> Try it
Your copy should match the records below exactly, except for the pictures.

> Entries provided
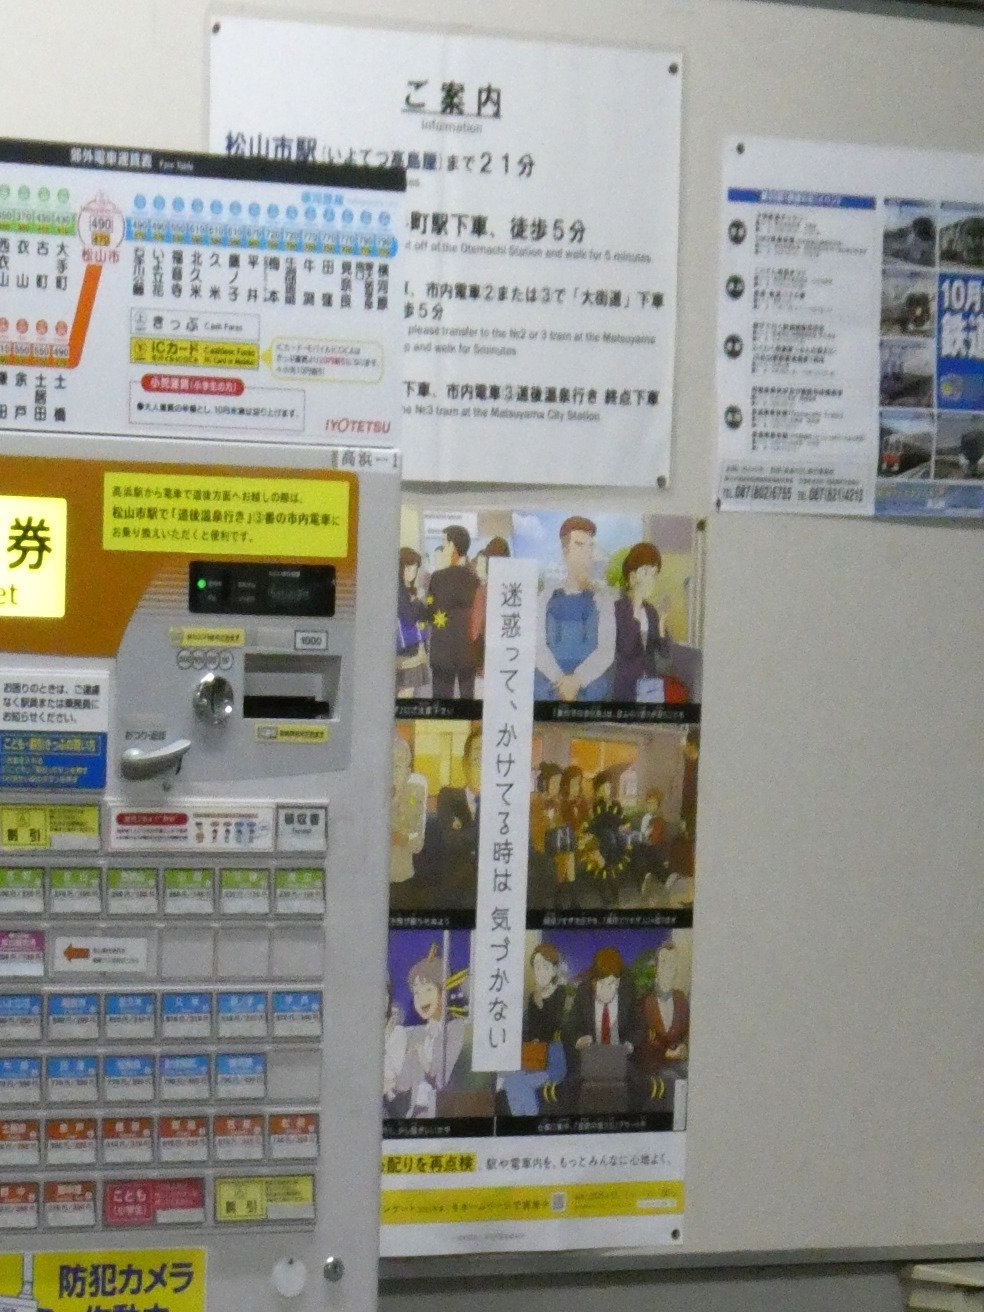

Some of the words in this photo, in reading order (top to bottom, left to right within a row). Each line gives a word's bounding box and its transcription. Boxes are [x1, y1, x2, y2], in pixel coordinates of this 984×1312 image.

[404, 79, 501, 119] ご案内
[91, 218, 111, 230] 490
[407, 211, 587, 244] 町駅下車、徒歩5分
[153, 315, 198, 332] きっぷ
[325, 417, 391, 434] IYOTETSU
[488, 905, 512, 1049] 気づかない
[380, 1153, 475, 1176] 配りを再点検
[59, 1262, 195, 1299] 防犯カメラ
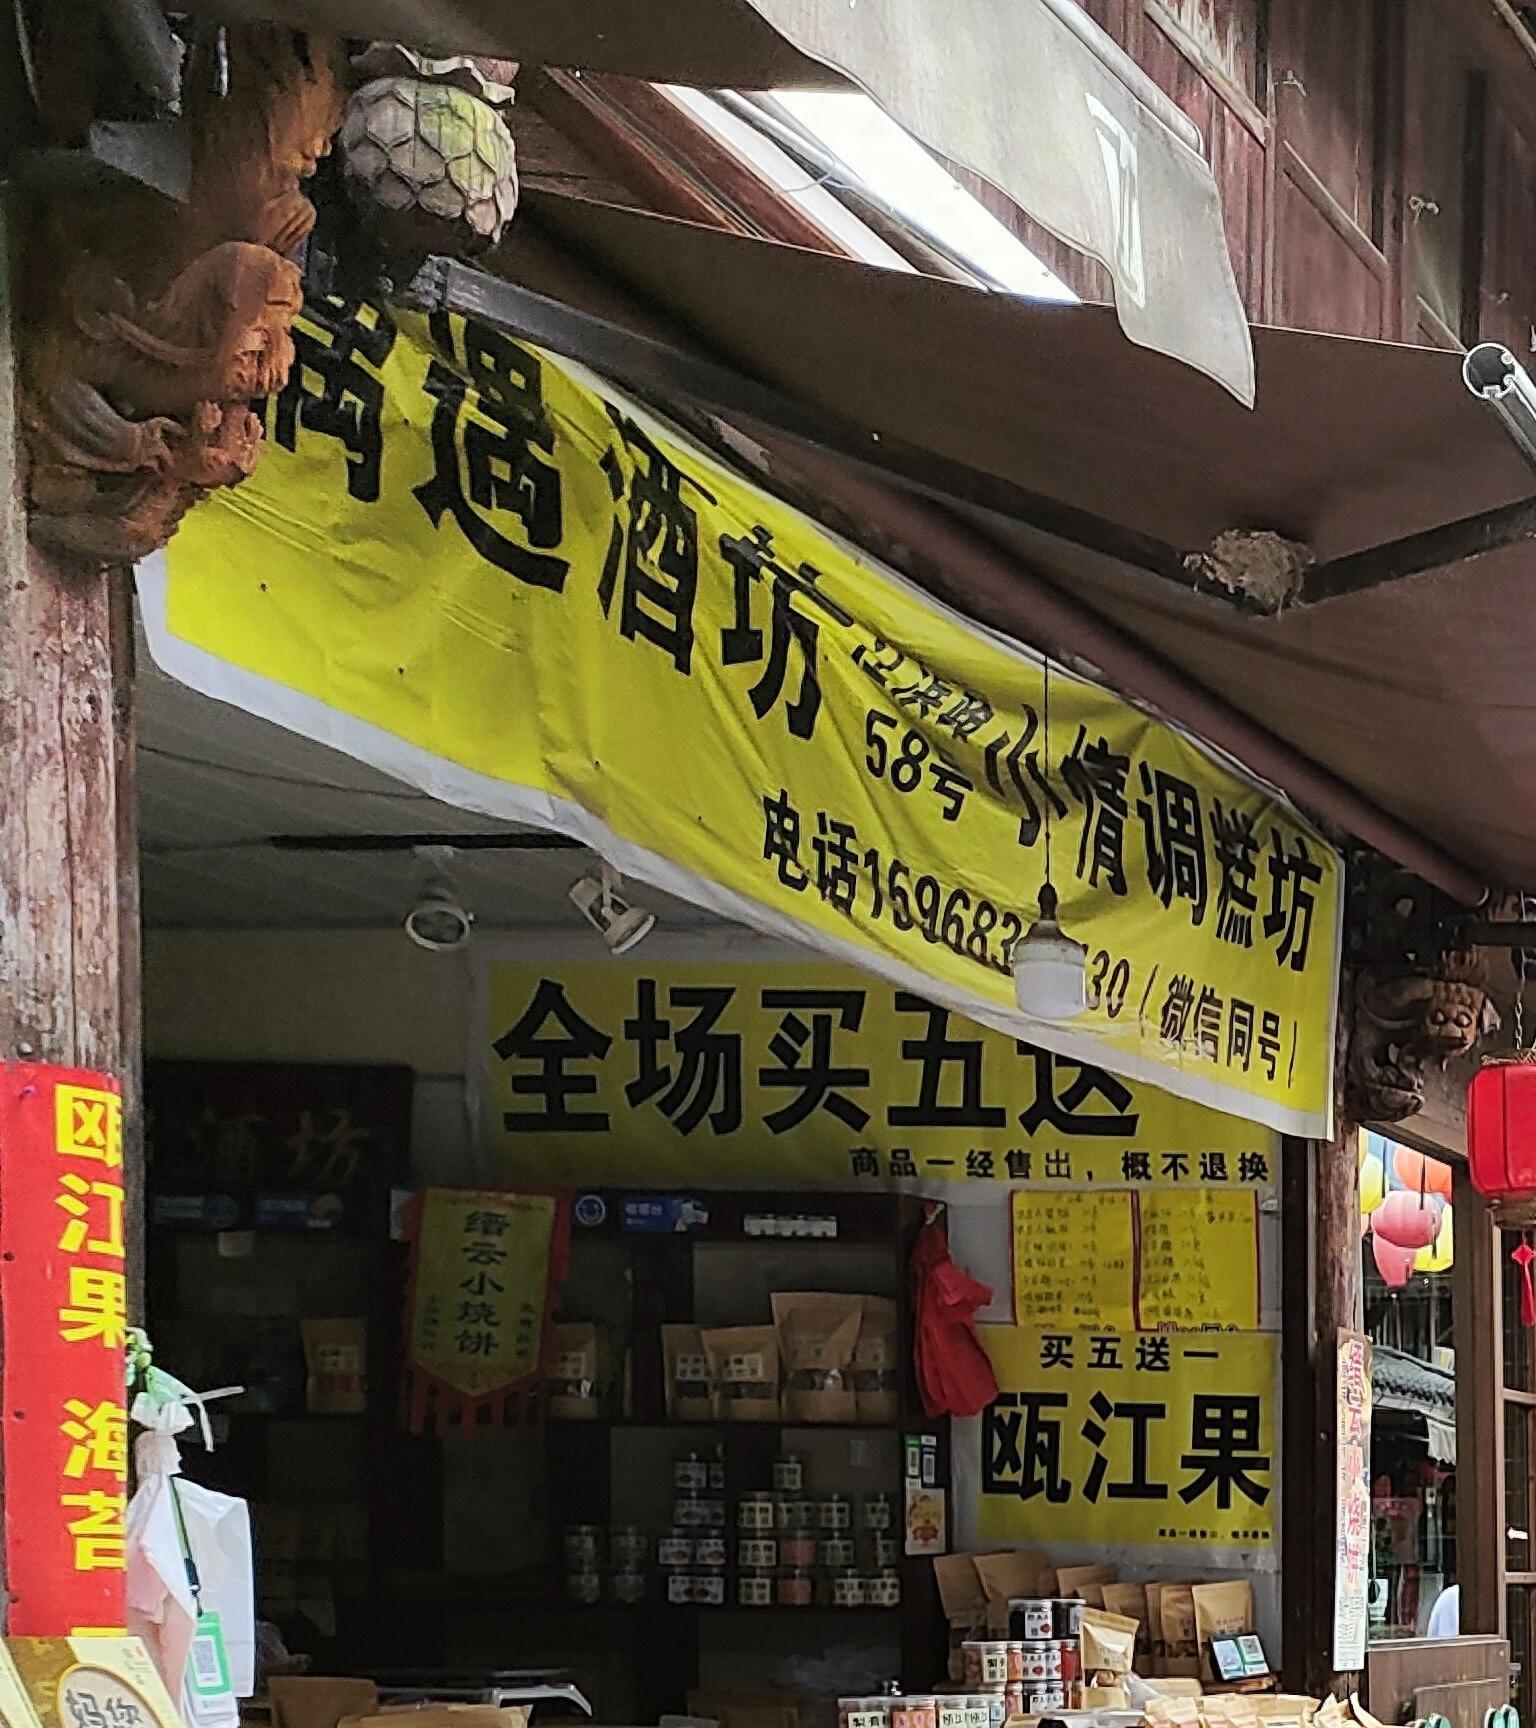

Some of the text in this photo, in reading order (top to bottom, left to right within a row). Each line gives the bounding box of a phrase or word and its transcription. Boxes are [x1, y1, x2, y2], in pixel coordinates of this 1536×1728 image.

> Problem solution
Some of the words in this photo, in reading order (top to bottom, left to right within a row). Each line gives a word's bounding box and its transcription. Boxes are [x1, y1, x2, y2], in pixel coordinates of this 984×1312 image.

[404, 79, 501, 119] ご案内
[91, 218, 111, 230] 490
[407, 211, 587, 244] 町駅下車、徒歩5分
[153, 315, 198, 332] きっぷ
[325, 417, 391, 434] IYOTETSU
[488, 905, 512, 1049] 気づかない
[380, 1153, 475, 1176] 配りを再点検
[59, 1262, 195, 1299] 防犯カメラ

Some of the text in this photo, in reading order (top to bottom, left to right within a row). Each line gives the bounding box of a phrase or word and its transcription. Boxes are [x1, y1, x2, y2], in pixel coordinates of this 1536×1728 image.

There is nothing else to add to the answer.